High-yield dividend stocks tend to have higher risk profiles. They often have high dividend payout ratios, questionable growth prospects, and weak balance sheets. However, while Verizon has experienced some growth-related headwinds in recent years, it has a rock-solid financial profile.

Verizon produced $26.5 billion of cash flow from operations through the first nine months of last year. While that was down from $28.8 billion in the prior-year period, it covered its capital expenditures ($12 billion) with $14.5 billion to spare. That free cash flow easily funded the company’s dividend outlay ($8.2 billion), enabling it to retain cash to strengthen its already solid balance sheet.

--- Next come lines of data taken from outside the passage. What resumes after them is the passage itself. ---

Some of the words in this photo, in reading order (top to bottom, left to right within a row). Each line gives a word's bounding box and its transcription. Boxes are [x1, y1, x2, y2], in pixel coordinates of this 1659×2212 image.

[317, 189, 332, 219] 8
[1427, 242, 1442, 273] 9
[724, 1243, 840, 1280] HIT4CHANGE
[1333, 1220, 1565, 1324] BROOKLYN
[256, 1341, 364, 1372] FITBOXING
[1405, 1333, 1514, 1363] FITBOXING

The company ended the quarter with a leverage ratio of 2.5, an improvement from 2.6 a year earlier. Verizon has a lower leverage level than rival AT&T, which ended the third quarter at 2.8 (above its target, which is in the range of 2.5). Verizon’s leverage supports its solid investment-grade bond ratings (A-/BBB+/Baa1). The telecom’s long-term goal is to further strengthen its financial foundation by reaching an even lower leverage target in the 1.75 to 2.0 range.

Getting back to growth

Verizon is using its strong balance sheet to accelerate the growth of its fiber network by acquiring Frontier Communications in a $20 billion all-cash deal. That transaction will expand its fiber network to reach 25 million premises. The company expects the purchase — which likely won’t close until next year — to be immediately accretive to its earnings while generating at least $500 million in annual cost synergies.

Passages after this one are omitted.